The extensor tendons and soft-tissue envelope are frequently compromised for RA patients. For patients suffering wrist level extensor tendon rupture associated with rheumatoid arthritis (RA), primary tendon repair is generally not feasible. This relates to the diffuse nature of the tendon damage that typically occurs in such patients, combined with fibrosis, atrophy, and retraction of the muscle, events that usually preclude effective tendon repair.
Several different methods have been previously used to repair finger extensor-tendon ruptures at wrist level for the rheumatoid-arthritis patient [3–8]. Primary repair involves the end-to-end suture of the two ends of the damaged tendon, and, as best we are aware, is generally not feasible for rheumatoid patients, as a significant length of tendon is typically damaged by the mechanical attrition and inflammatory process that occurs following tendon rupture. When multiple tendons are ruptured, the results of such surgical repair by any of these techniques are often unsatisfactory. The diffuse nature of the tendon damage, combined with fibrosis, atrophy, and retraction of the muscle, usually precludes repair. When rupture is diagnosed early, tendon grafting may be successful . Some authors think that tendon grafting resulted in good correction of extension lag, but patients were dissatisfied with accompanying loss of digital flexion because of the long standing nature of the disease and decreased musculotendinous unit excursion, leading to loss of flexion following grafting . Good results have been reported for tendon grafts, provided that the time from tendon rupture to surgery is short and muscle contracture is not allowed to become severe [9, 11, 12].
Interpositional grafting is able to be used as a surgical-repair technique for ruptured extensor tendons in order to overcome the problem of defects in the extensor mechanism where a portion of the relevant tendon has irreparably damaged and effectively lost. The tendon graft can be placed directly in between the ruptured extensor-tendon ends, or alternatively, re-routed subcutaneously in order to avoid the diseased tendon bed . Interpositional tendon grafting using palmaris longus to repair extensor-tendon defects has previously been described as constituting a technique that can be effectively used for the repair of ruptured finger-extensor tendons . The palmaris longus is the tendon of choice because it fulfils the requirements of length, diameter, and availability without producing a deformity.

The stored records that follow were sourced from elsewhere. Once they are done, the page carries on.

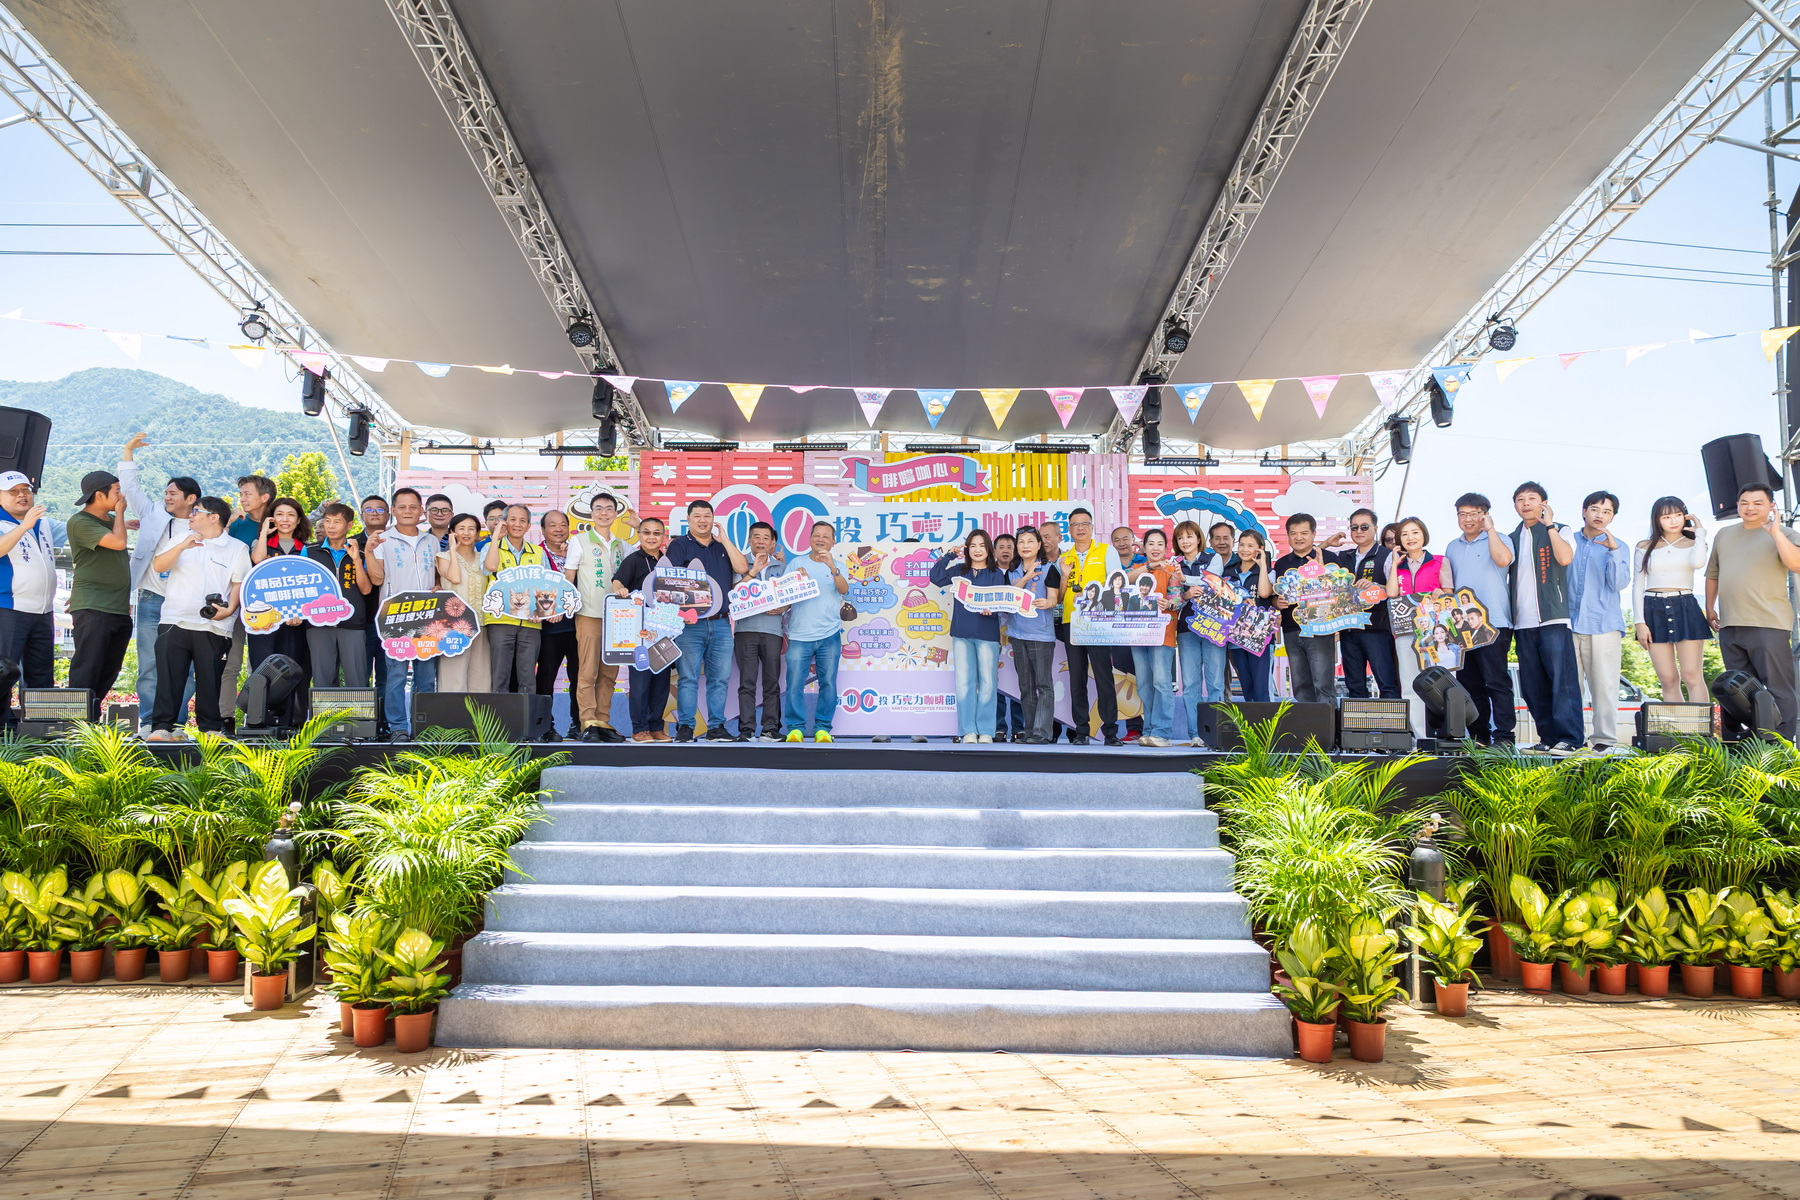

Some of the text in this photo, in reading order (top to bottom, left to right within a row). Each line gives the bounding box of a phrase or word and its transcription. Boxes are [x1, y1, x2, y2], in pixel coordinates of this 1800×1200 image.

[882, 463, 948, 488] 啡嚐咖心
[833, 516, 862, 542] 投
[254, 573, 323, 590] 精品巧克力
[500, 567, 541, 583] 毛小孩
[263, 587, 319, 602] 咖啡展售
[387, 598, 438, 615] 夏日夢幻
[385, 609, 436, 625] 璀璨煙火秀
[878, 696, 888, 705] 投
[892, 695, 956, 706] 巧克力咖啡節
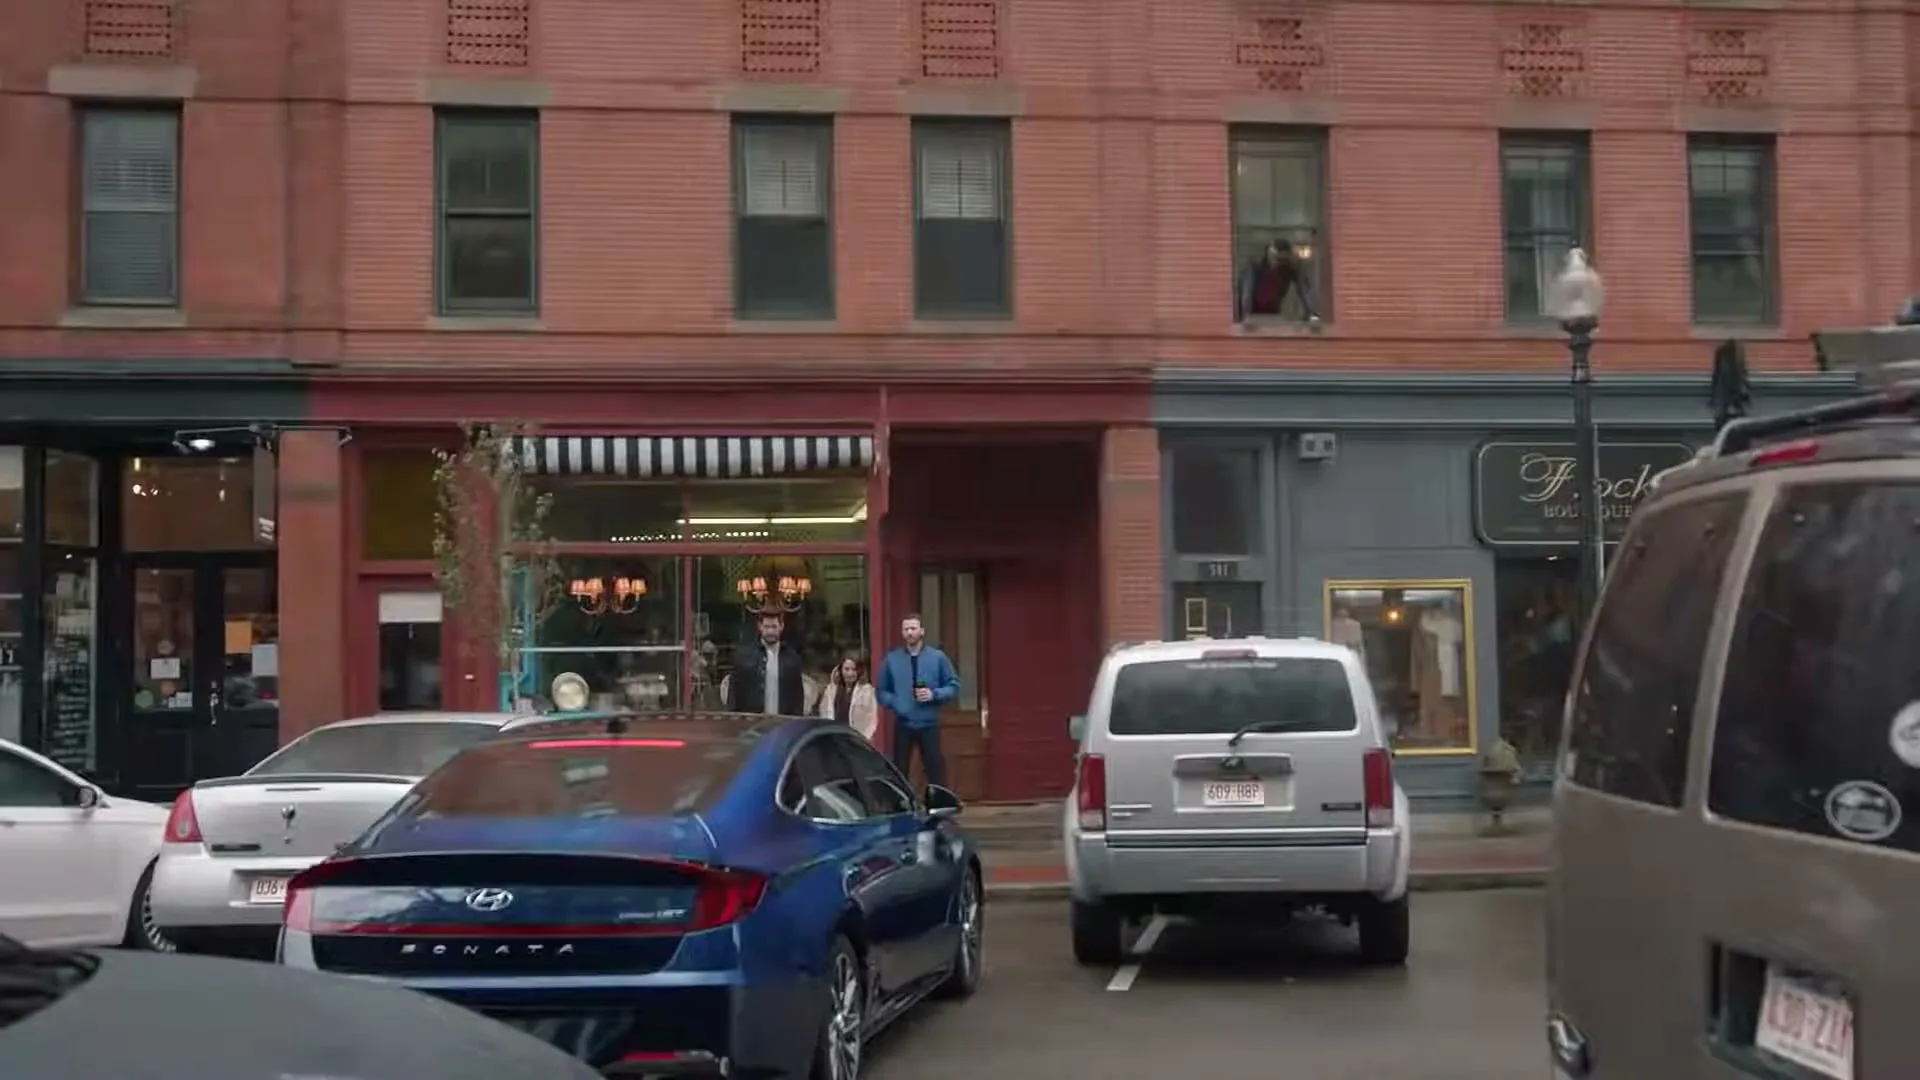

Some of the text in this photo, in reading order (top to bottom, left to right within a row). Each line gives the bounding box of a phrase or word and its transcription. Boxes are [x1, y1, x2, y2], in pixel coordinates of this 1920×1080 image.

[1519, 453, 1655, 502] Fock
[1544, 504, 1633, 519] BOUQUE
[401, 943, 574, 955] SONATA
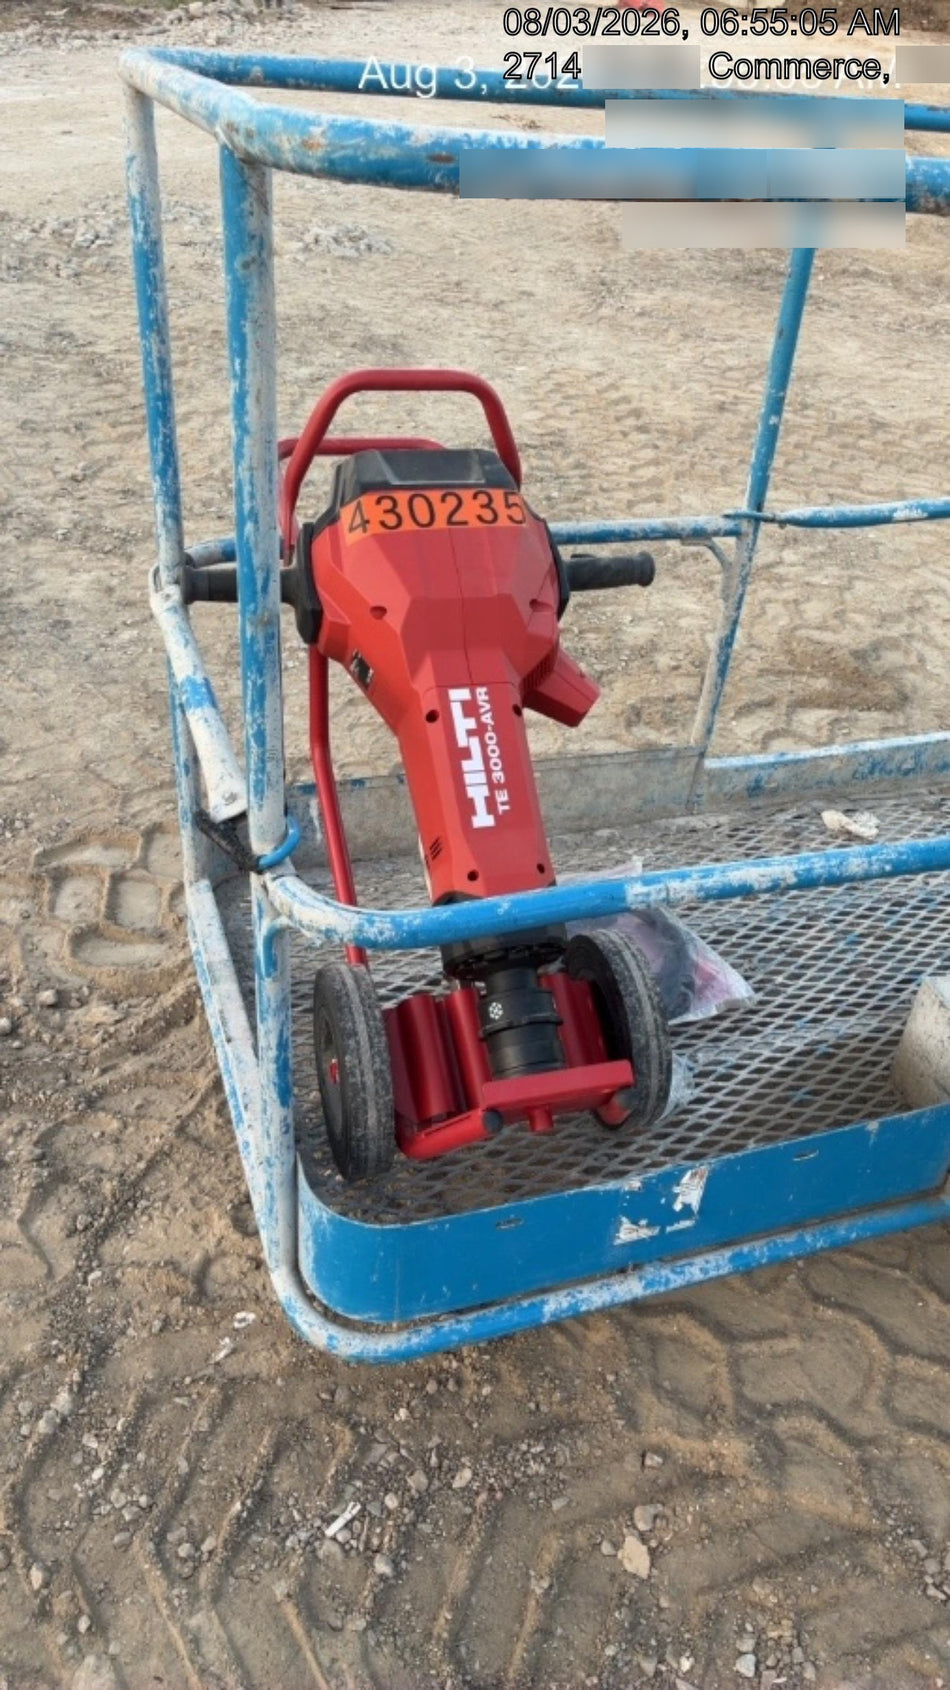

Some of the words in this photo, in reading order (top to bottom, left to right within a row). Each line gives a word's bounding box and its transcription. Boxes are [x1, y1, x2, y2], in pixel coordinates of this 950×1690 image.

[348, 489, 527, 534] 430235
[448, 687, 495, 829] HILTI
[476, 686, 505, 784] 3000-AVR
[495, 788, 511, 815] TE
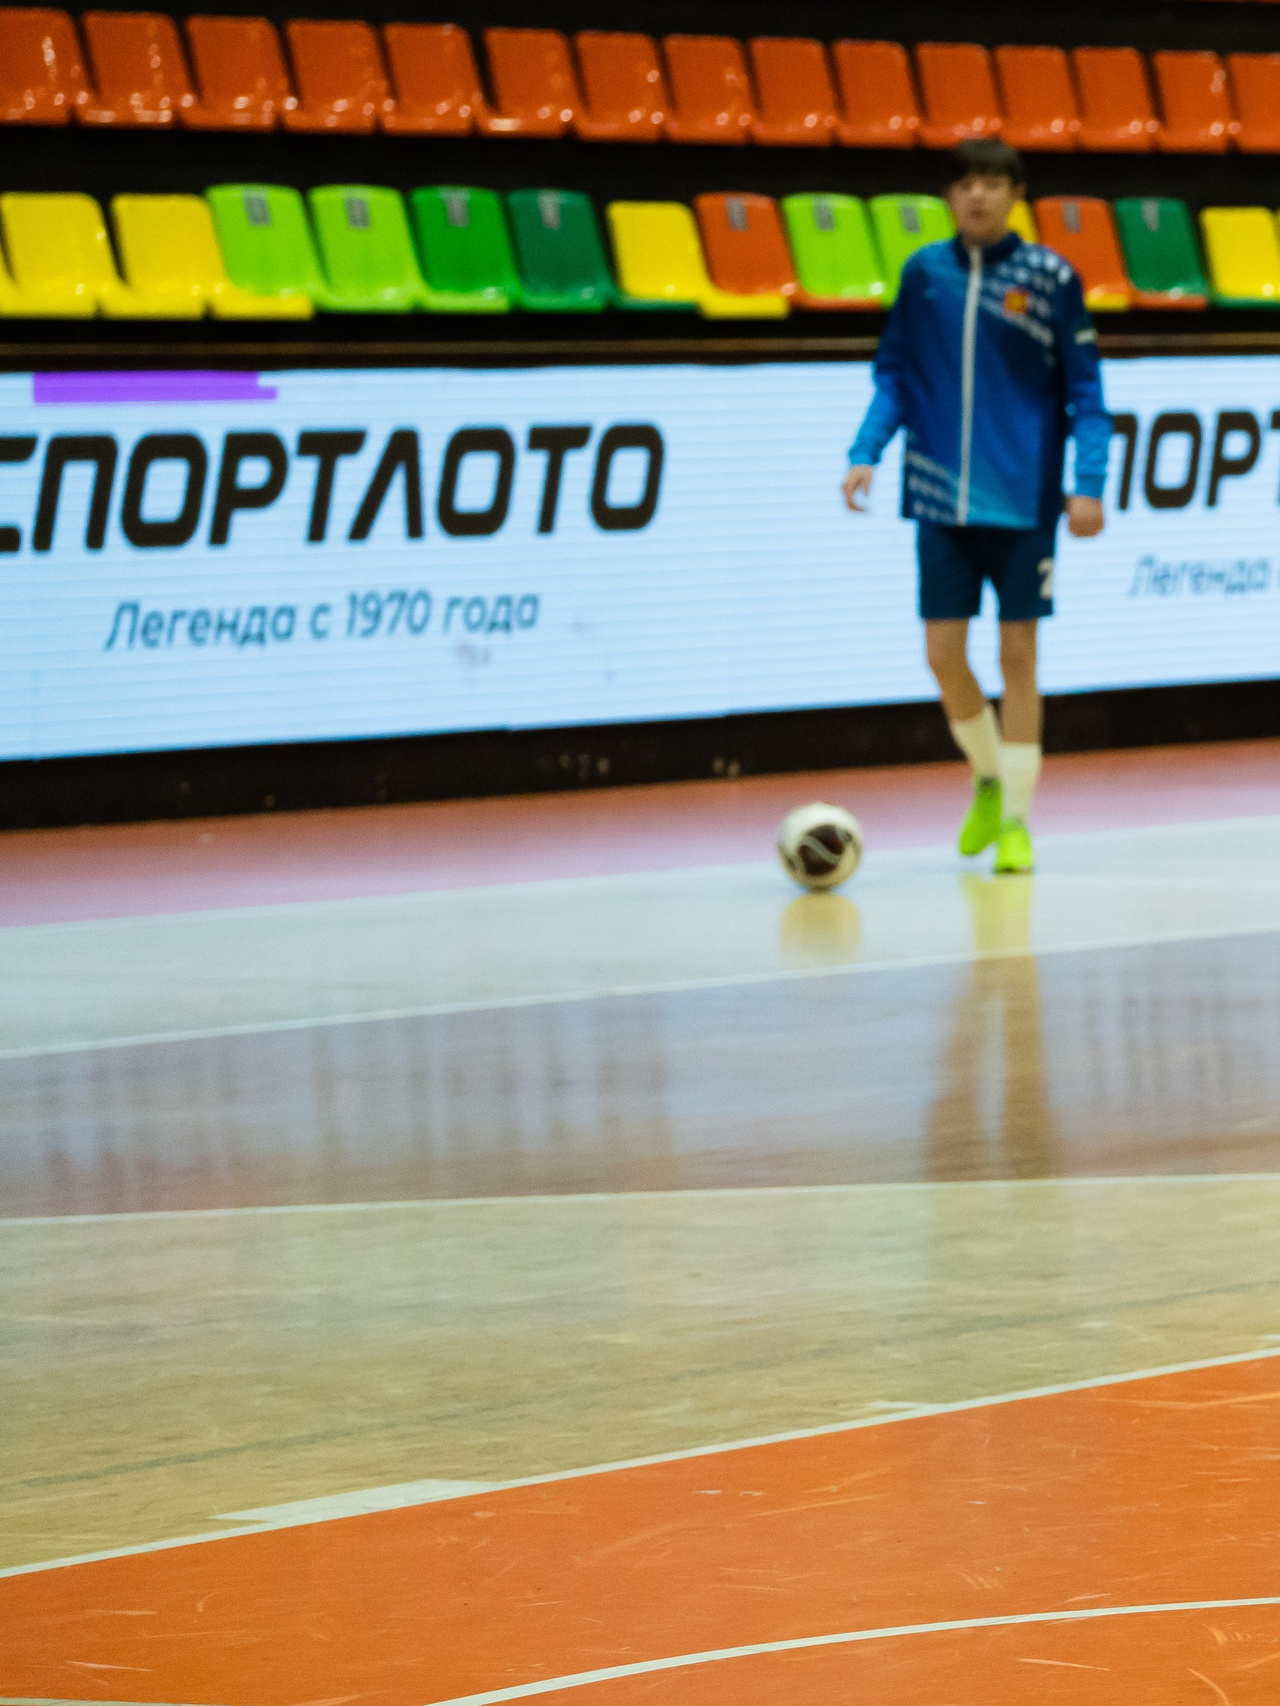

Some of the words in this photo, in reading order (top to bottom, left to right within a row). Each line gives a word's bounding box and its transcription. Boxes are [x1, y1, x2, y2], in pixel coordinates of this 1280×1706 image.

This choice of technique for tendon grafting features the advantage of the source of donor tendon being readily accessible in the same forearm.
The presence of this tendon should be determined before any grafting procedure. The tendon is reported to be present in one arm in 85% of people and in both arms in 70%. If the PL tendon absence occurred in our patients who need autogenous tendon graft to reconstruction, long extensors of toes were our second choice. The extensor of the third toe is probably easiest to remove and use. The method is to make multiple short transverse incisions over the tendon and remove it by elevating the skin proximal to each incision and dissecting to a more proximal level; then make another incision at this point and repeat the procedure. Extract the divided end of the tendon through each successive incision and remove it through the proximal incision.
On the basis of the results of the study, good functional outcomes can be achieved with end-to-end tendon-grafting technique using autogenous palmaris longus tendon graft. The mean extension lag of the metacarpophalangeal joint following tendon grafting for our study participants was 16.4°, a figure which was somewhat better than the 30° figure reported in 1987 by Bora et al. . Further, we observed that metacarpophalangeal-joint flexion was improved for all patients subsequent to surgery.
Promoting tendon healing and avoiding joint adhesion are critical parts of the postoperative management of tendon reconstruction following tendon rupture. In our study, the Pulvertaft technique of weaving two tendons together was used, it provides a very-strong connection between the two grafted tendon ends, and a surgical repair technique that can then be loaded more quickly. The feature of this technique makes the "early active" type of rehabilitative protocol (we allowed the wrists active flexion within one month postoperatively in our series) feasible for patients having undergone such a surgical-repair technique.
Dynamic splinting following extensor tendon repair is becoming increasingly popular. The use of dynamic outrigger splints which allow active flexion and extension of the interphalangeal (IP) joints and active flexion but only passive extension of the MP joints. The dynamic splint combined with the tendon mobilization program provided the gliding necessary and was easy for the patient to comply with and understand . Some studies relating to "early active" motion post surgical repair of ruptured extensor tendons have shown that patients who undergo early controlled, dynamic motion experienced improved damaged-hand function more rapidly than was the case for those more-immobilized patients, this shortening the overall total rehabilitation time required post such injury, and making dynamic motion treatment highly cost effective .
Reconstruction for multiple tendon ruptures is a salvage procedure that is often associated with extensor lag and impairment of overall hand function. For our study, the mean age at surgery for study participants was 47.3 (range, 32–66) years, the functional requirements of the injured hands of the patients participating in our study being highly "in demand" prospectively as regards these individuals' working lives. The average range of MCP-joint flexion and the extension lag at the metacarpophalangeal joint for our study participants was shown to be improved significantly following reconstruction using autogenous palmaris longus tendon grafting.